I set to my kit and subjected it to all manner of weathering techniques. I tried to keep the pin washes, airbrush-dustings, streaks and powders varied so there was never just one hue being used. This variety is what gives the result a bit of life. I dug out a variety of decals too, both old and new, which give the machine that Rogue Trader look, and these included one of my custom RT-era Blood Angel icons. One of my most cherished discoveries is that GW's Lahmian Medium is the best matting agent to run through an airbrush. I've had so many issues with spray or airbrushed matte varnishes in the past, but Lahmian goes through the machine like a dream and gently matts the surface without any chalking, streaking or other nonsense.

An alternative build as a Rhino.

I was pretty pleased with how it turned out and I feel I learned a lot about weathering. I like how what might have been a really eye-watering scheme has been knocked back and the form of the machine underneath is now quite defined. The danger with camo at scale is that its just too disruptive and your highly detailed miniature just becomes, optically, a broken mess. I think some of the metallics look a bit odd though and that's something I'd like to address in future. I'm thinking of doing a combat squad based on the old three-tone camo sported by the Blood Angel Captain in Rogue Trader in such a way that it matches the vehicle.

Saturday, 10 December 2016

Finished Heresy Blood Angles squad

Having honed my technique for painting Blood Angles over the past few months these guys proved an ideal canvass to see how quickly it can be rolled out. Things were made a lot easier by the superb engineering and tooling of this new kit. As I mentioned when I posted my Stormcast, the new GW sprues are, without fail, exceptionally sharp and there are almost no mold lines. The fidelity also aids painting, so picking out the shoulder trims and whatnot was a doddle.

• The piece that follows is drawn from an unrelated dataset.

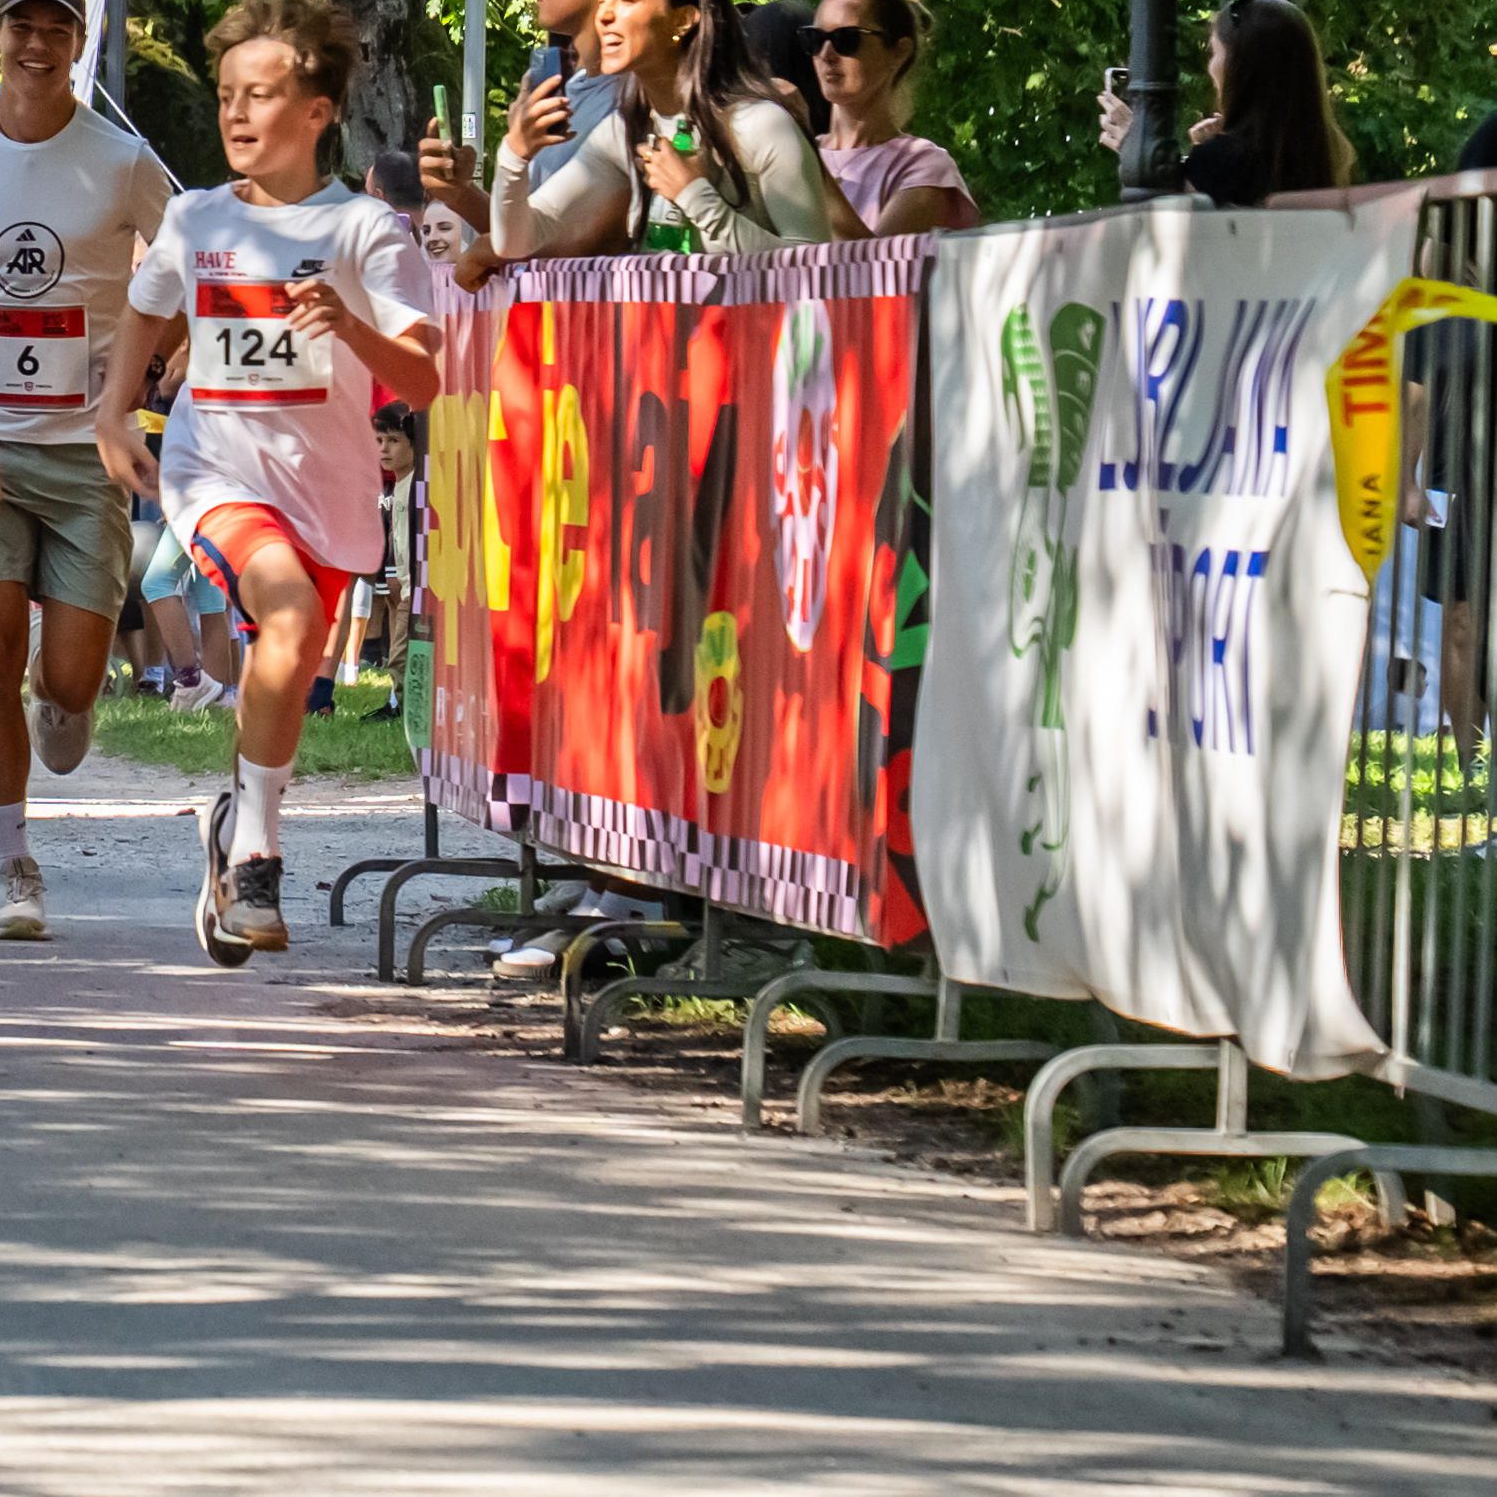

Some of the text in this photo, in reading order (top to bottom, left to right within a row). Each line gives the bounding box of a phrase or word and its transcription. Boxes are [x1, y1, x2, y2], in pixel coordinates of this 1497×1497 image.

[194, 250, 237, 269] HAVE
[16, 345, 40, 376] 6
[215, 327, 298, 367] 124

I'm also pretty pleased at how the custom decals worked out. The carrier film is thicker than commercial transfers, and in some cases its edge is a visible but its not too detracting. I'm also happy with the tiny yellow stripe (a 'pale' in heraldic nomenclature) which adds a bit of visual interest and ties these guys in with the rest of the army. As iconography it feels suitably 'Heresy', but it is also the designator of the 2nd Company which these guys were, presumably, later folded-into after the internecine conflict ended.

I added a little more weathering too. Because: Heresy. I didn't want to take it too far, and deliberated about adding the silver chips to the pauldron rims, but this actually worked out better than I expected and serves to lift what might otherwise by slightly dull miniatures. I might try silver rather than gold next time for Mr Bling's shoulder trim. That said, the new GW Gloss Shades are awesome and the patina is super-easy to achieve while retaining the shine.

I also decided to take these guys on patrol to one of the boards at Warhammer World. The reds really pop against the natural tones of the table.

Monday, 5 December 2016

More Hardware: now in CGI

I've blogged about Richard Stanley's Hardware a few times now. It turns out a rather talented 3D artist going by the handle kjell has worked up the Mark 13 robot in eye-watering detail. You can see his renders below. He's clearly examined the footage very carefully as he's captured the weird skull with it's under-slung-dragonfly-larvae-jaw perfectly.

I've been doing more 3D work myself recently, but am nowhere near the level of this guy. Great inspiration as to what can be achieved today especially with the latest generation of render engines.

Sunday, 4 December 2016

Finished Blood Angles Librarian Terminator

As well as my Heresy-era squad, I completed thid little guy in the week just gone.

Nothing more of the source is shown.